Later, Bob needs to port this same app to macOS. All seems to work well, until Bob tries opening a large file of many gigabytes in size. Suddenly, the simple act of running the app causes Bob’s Mac to completely lock up, beachball, and finally pop up with the dreaded “This computer is out of system memory” message. If Bob’s particularly unlucky, things will locked up tight enough that he can’t even recover from there, and may have to hard-reboot the machine.

What happened?

Experienced Objective-C developers will spot the problem right away; the Foundation APIs that Bob used generated autoreleased objects, which would never be released until Bob’s loop finished. However, Bob’s never programmed in Objective-C, and to him, this behavior is completely undecipherable.

After a copious amount of time spent Googling for answers and asking for help on various mailing lists and message boards, Bob finally gets the recommendation from someone to try wrapping the file handle read in an autorelease pool. So he does:

import Foundation

do {
    let url = ...
    
    let handle = try FileHandle(forReadingFrom: url)
    let bufsize = 1024 * 1024 // read 1 MiB at a time
    
    while true {
        let data = autoreleasepool { handle.readData(ofLength: bufsize) }
        
        if data.isEmpty {
            break
        }
        
        data.withUnsafeBytes { (bytes: UnsafePointer<UInt8>) in
            // do something with bytes
        }
    }
} catch {
    print("Error occurred: \(error.localizedDescription)")
}

Unfortunately, Bob’s program still eats RAM like Homer Simpson in an all-you-can-eat buffet. Turns out the data.withUnsafeBytes call *also* causes the data to be autoreleased. What Bob really needs to do is to wrap the whole thing in an autorelease pool, creating a Pyramid of Doom:

import Foundation

do {
    let url = ...
    
    let handle = try FileHandle(forReadingFrom: url)
    let bufsize = 1024 * 1024 // read 1 MiB at a time
    
    while true {
        autoreleasepool {
            let data = handle.readData(ofLength: bufsize)
            
            if data.isEmpty {
                break // error: ‘break’ is allowed only inside a loop, if, do, or switch
            }
            
            data.withUnsafeBytes { (bytes: UnsafePointer<UInt8>) in
                // do something with bytes
            }
        }
    }
} catch {
    print("Error occurred: \(error.localizedDescription)")
}

However, when Bob tries to run this, he now gets a compile error on the ‘break’ statement; it’s no longer possible to break out of the loop, since everything inside the autorelease block is in a closure.

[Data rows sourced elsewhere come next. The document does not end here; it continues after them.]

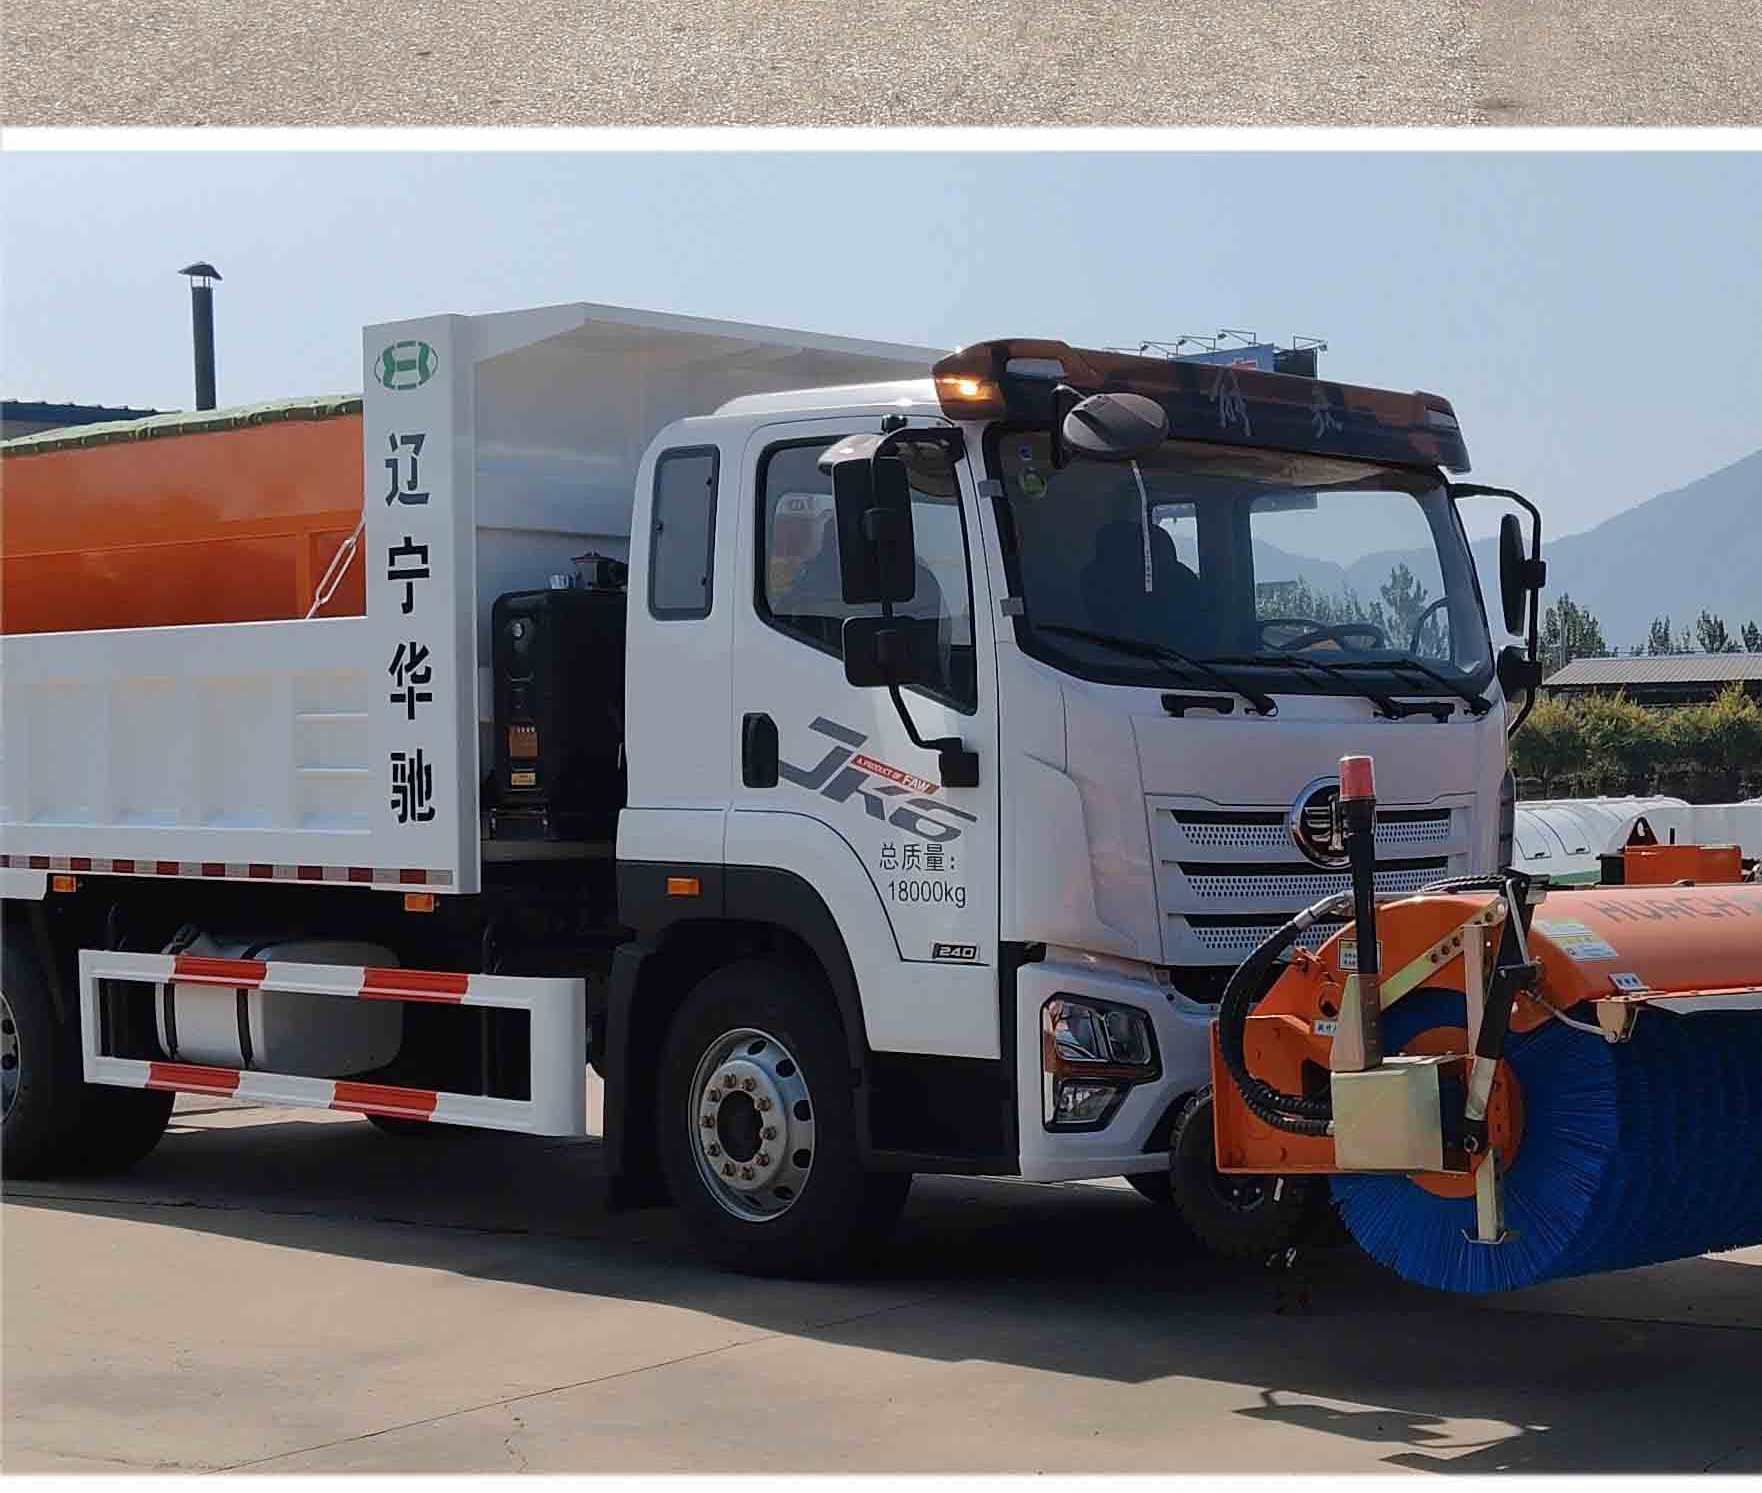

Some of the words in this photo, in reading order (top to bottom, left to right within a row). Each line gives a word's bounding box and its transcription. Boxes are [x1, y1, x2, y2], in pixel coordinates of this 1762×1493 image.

[385, 431, 435, 824] 辽宁华驰
[902, 774, 931, 793] FAW
[879, 843, 956, 872] 总质量：
[887, 880, 966, 908] 18000kg
[938, 946, 975, 959] 240

Bob is now regretting his decision not to become an insurance adjuster instead.

Bob’s problem, of course, can be solved by using *two* autorelease pools, one when getting the data, and the next when working with it. But this situation is confusing to newcomers to the language, since autorelease pools are not really part of Swift’s idiom, and aren’t mentioned anywhere in the usual Swift documentation. Thus, without Objective-C experience, autorelease-related issues are completely mysterious and baffling, particularly since, as a struct, it isn’t obvious that Objective-C will be involved at all when using the Data type. Even to experienced Objective-C developers, autorelease pools in Swift can become awkward since, unlike with Objective-C, they can’t simply be tacked onto a loop without losing flow control via break and continue.

PROPOSED SOLUTION:

In the Foundation overlay, wrap calls to Objective-C NSFileHandle and NSData APIs that generate autoreleased objects in an autorelease pool, so that they behave the way a user new to the language would expect, and in a manner consistent with how they likely behave on other platforms which lack the Objective-C bridge.

This would likely add a small performance overhead, but this should be negligible compared to the overhead involved in reading from the disk which will occur when using a FileHandle. In addition, if Data objects are being accessed frequently enough for performance to be an issue, it’s likely that enough of them to be generated to make memory overhead an issue if an autorelease pool is not used.

IMPACT ON EXISTING CODE:

Code that currently works around these issues with an autorelease pool may end up double-wrapping until these manual workarounds are removed.